Well I started my sport life as a badminton athlete. Had to stop sport career due to academic studies and joined in again as technical official and administrator. Afterwards through various stages I got elected in the National Olympic Committee (NOC).
Within the badminton association I have to look over the secretarial aspects of the board meetings and office duties. At the NOC I am mainly responsible for promotion of Olympic values throughout our sporting realm.

2. What is the biggest challenge you currently have?

Our biggest challenge here is to provide athletes the needed environment for them to prosper. It is not always easy to have all complementary requirements that the sport organization /athletes need to succeed. There will always be some missing links and we, as administrators, have to manage with what we have and make thing happens.

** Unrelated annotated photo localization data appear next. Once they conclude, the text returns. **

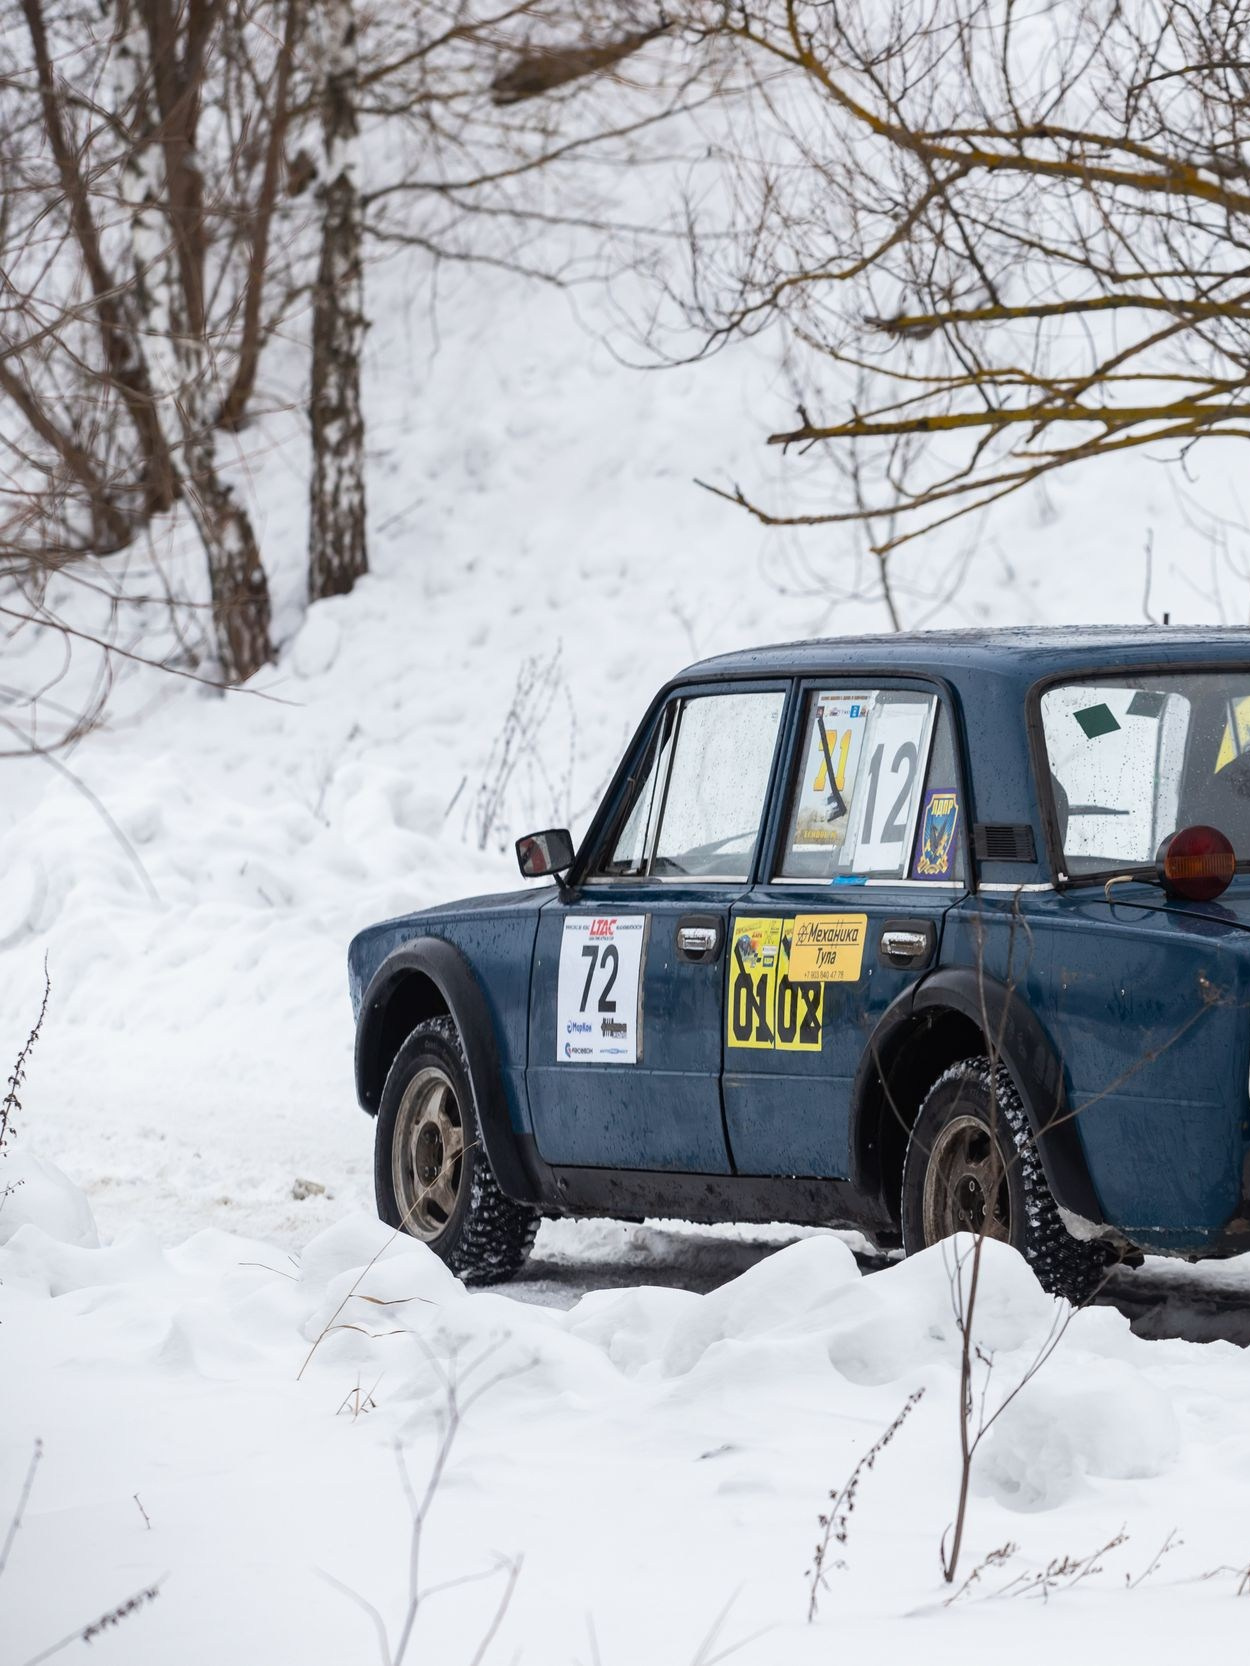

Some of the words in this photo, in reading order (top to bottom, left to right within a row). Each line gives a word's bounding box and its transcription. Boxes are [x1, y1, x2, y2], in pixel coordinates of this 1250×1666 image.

[861, 741, 919, 845] 12
[931, 799, 954, 816] ЛДПР
[808, 923, 859, 942] Механика
[816, 948, 837, 968] Тула
[579, 944, 619, 1012] 72

3. People often underestimate being a volunteer working in sports management. What do you think are the most important characteristics for a volunteer responsible for sports administration?

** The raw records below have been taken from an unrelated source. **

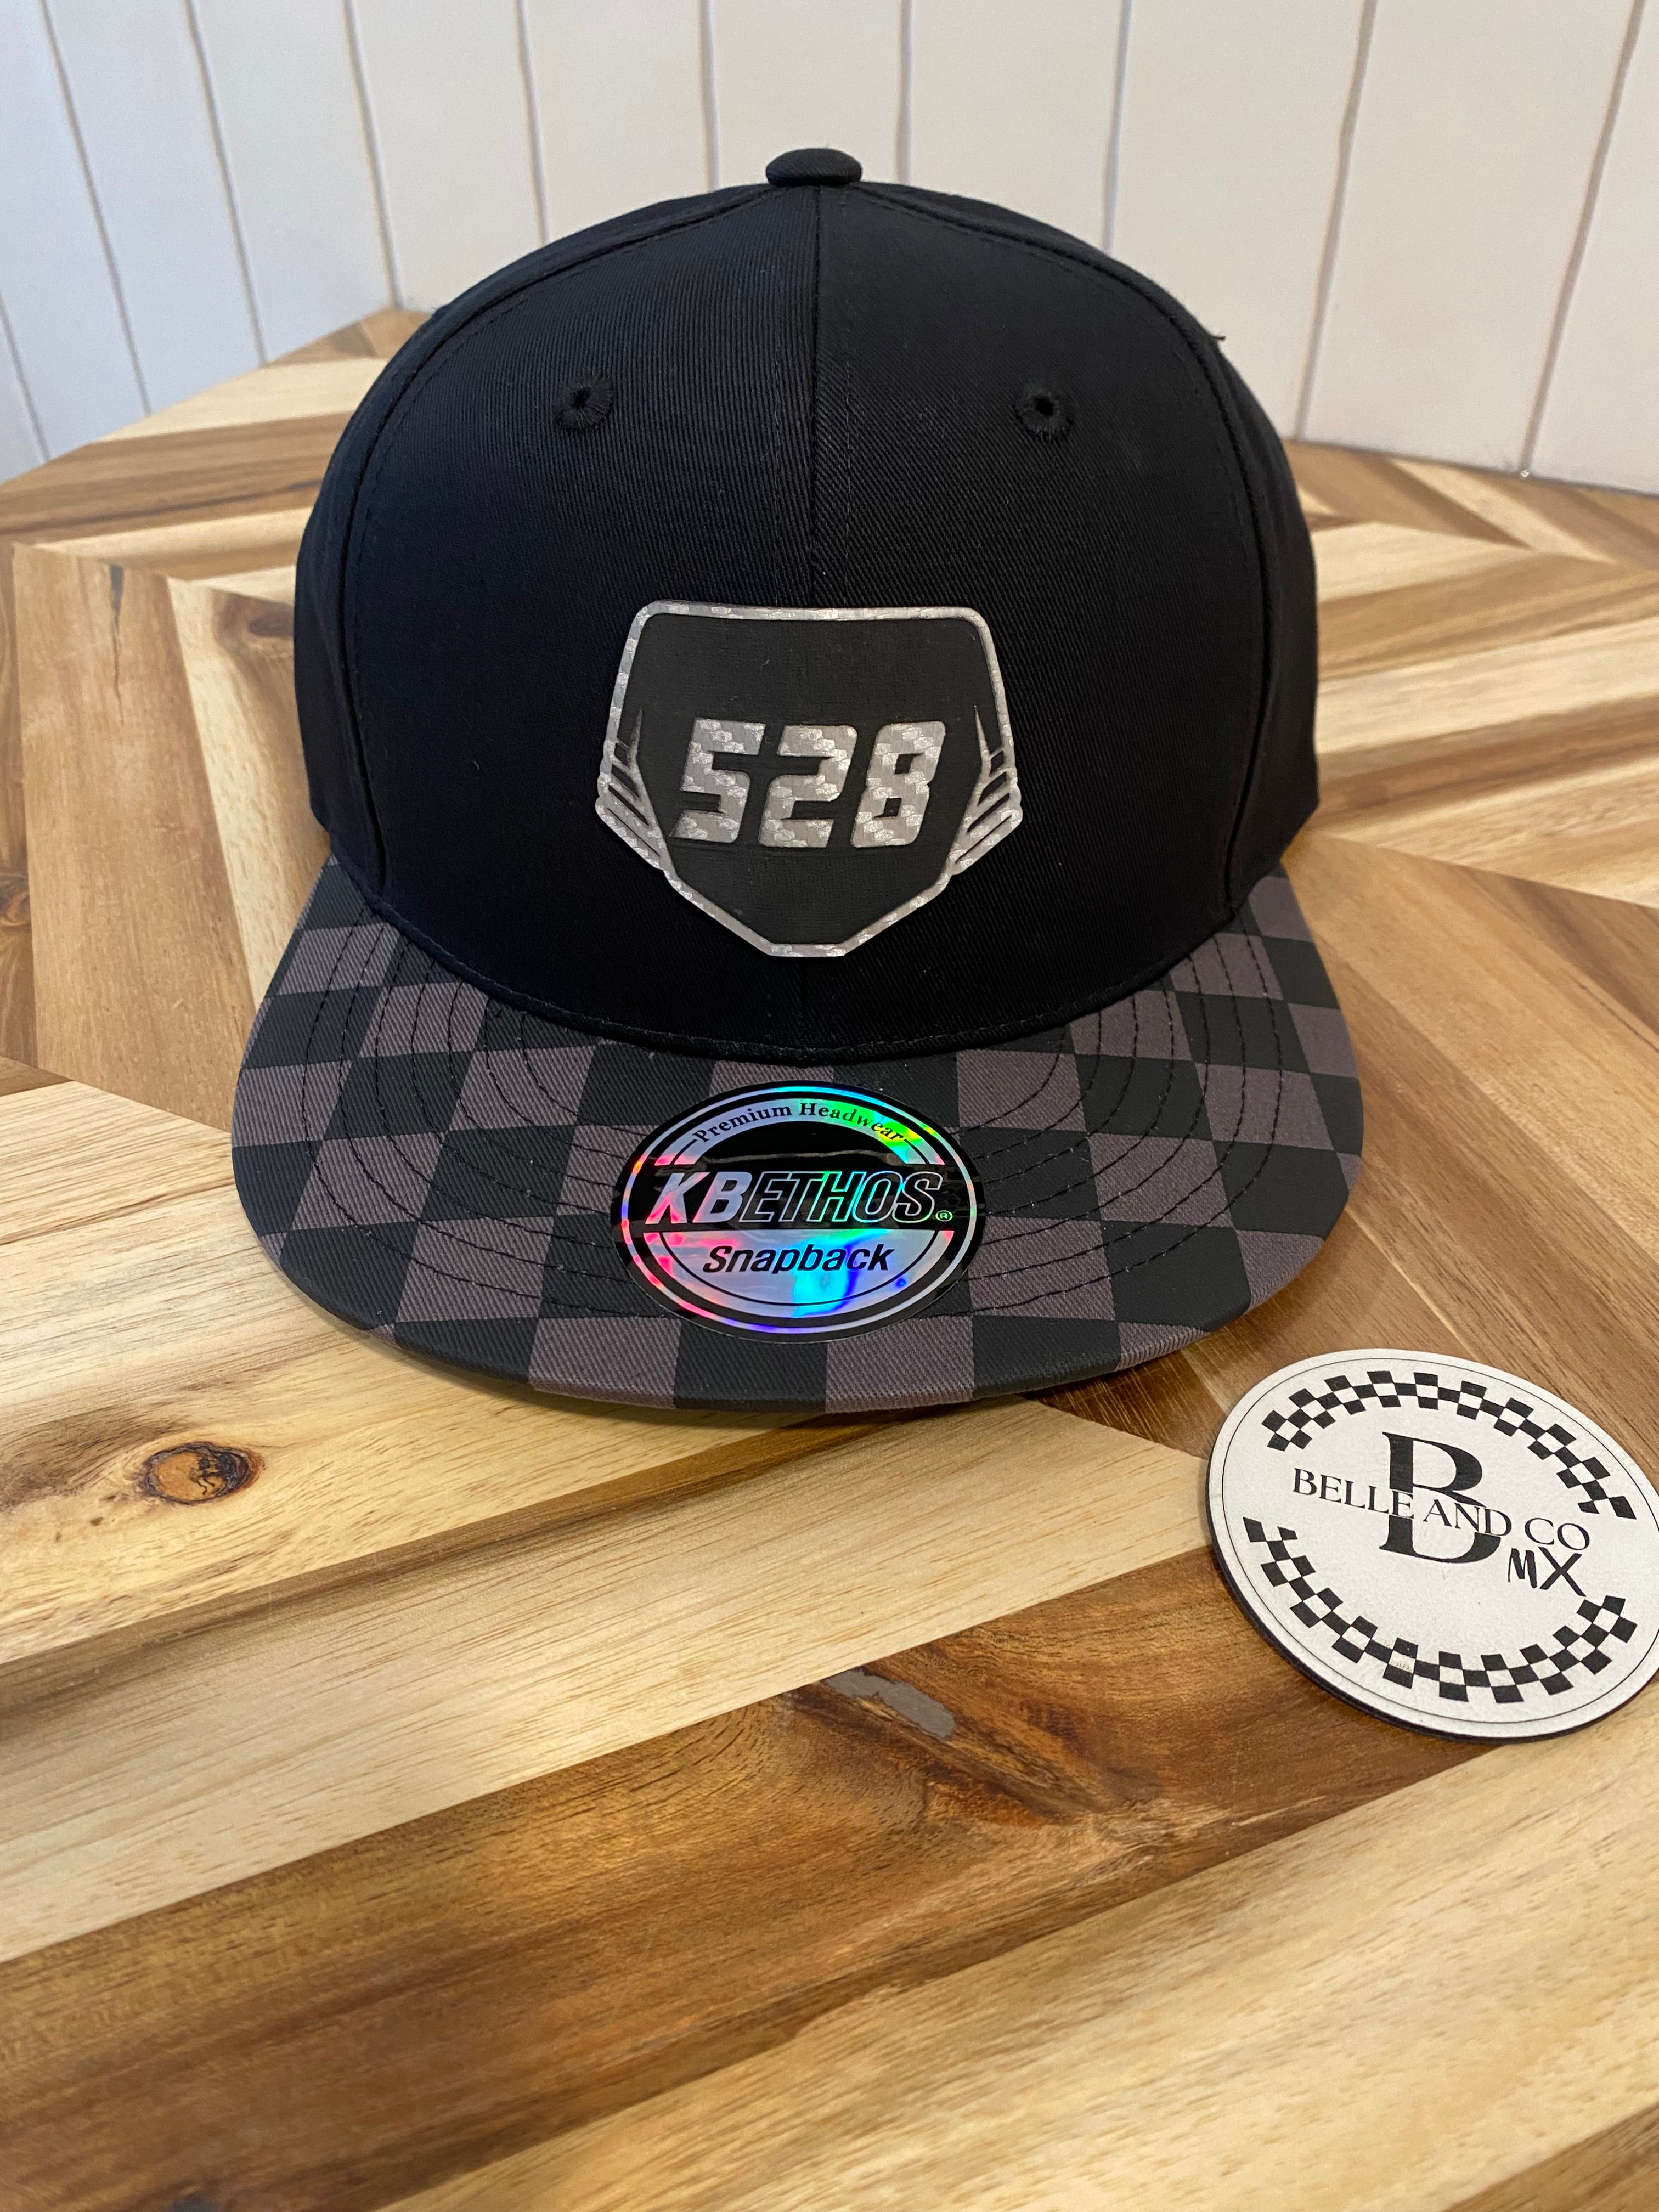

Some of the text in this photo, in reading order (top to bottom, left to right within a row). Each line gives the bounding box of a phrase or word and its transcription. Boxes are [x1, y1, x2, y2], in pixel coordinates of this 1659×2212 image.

[669, 717, 946, 848] 528
[692, 1101, 904, 1143] Premium Headwear
[702, 1244, 895, 1275] Snapback
[1293, 1468, 1591, 1551] BELLE AND CO
[1507, 1546, 1587, 1598] MX

I firmly believe that the most important aspect for us volunteers is to self questioned our commitment taken towards our sport organization.
Voluntarism is not imposed. It is a choice and in doing so we have to be committed. It doesn’t take great men or women to do great things, just those who are greatly dedicated to doing them!

4. Does your sport organization make use of facebook, social media and websites ?

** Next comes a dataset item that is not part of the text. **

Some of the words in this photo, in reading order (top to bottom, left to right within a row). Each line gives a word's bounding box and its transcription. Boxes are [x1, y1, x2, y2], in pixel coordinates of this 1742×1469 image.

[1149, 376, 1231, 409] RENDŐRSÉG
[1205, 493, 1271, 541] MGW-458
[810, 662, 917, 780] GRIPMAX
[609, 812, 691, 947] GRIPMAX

Unfortunately use of social media or websites is quite limited here in Mauritius. It’s not that we don’t have the necessary devices or know-how but we still need to be more organized, structured and professional in introducing these tools as a means of disseminating information and communication with our stakeholders.

5. Do you have any favorite sport management resources (books, films, magazines or websites?)

Resources and community of practice developed through the Olympic Solidarity MEMOS study (Executive Sports Management) that I have followed years back have greatly influenced my way of thinking on sport management.

6. What do you think are the most important characteristics for a volunteer responsible for sports administration?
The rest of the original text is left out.